Please retype the data below in full.

[Data to process]
[Start of Attachment]

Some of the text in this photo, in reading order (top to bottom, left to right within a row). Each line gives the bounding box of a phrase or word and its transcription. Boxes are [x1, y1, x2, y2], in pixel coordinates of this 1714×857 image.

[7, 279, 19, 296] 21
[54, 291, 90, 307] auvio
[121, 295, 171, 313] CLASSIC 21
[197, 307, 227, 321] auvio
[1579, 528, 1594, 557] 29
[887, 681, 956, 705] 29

[End of Attachment]

[Result of this exercise]
Some of the text in this photo, in reading order (top to bottom, left to right within a row). Each line gives the bounding box of a phrase or word and its transcription. Boxes are [x1, y1, x2, y2], in pixel coordinates of this 1714×857 image.

[7, 279, 19, 296] 21
[54, 291, 90, 307] auvio
[121, 295, 171, 313] CLASSIC 21
[197, 307, 227, 321] auvio
[1579, 528, 1594, 557] 29
[887, 681, 956, 705] 29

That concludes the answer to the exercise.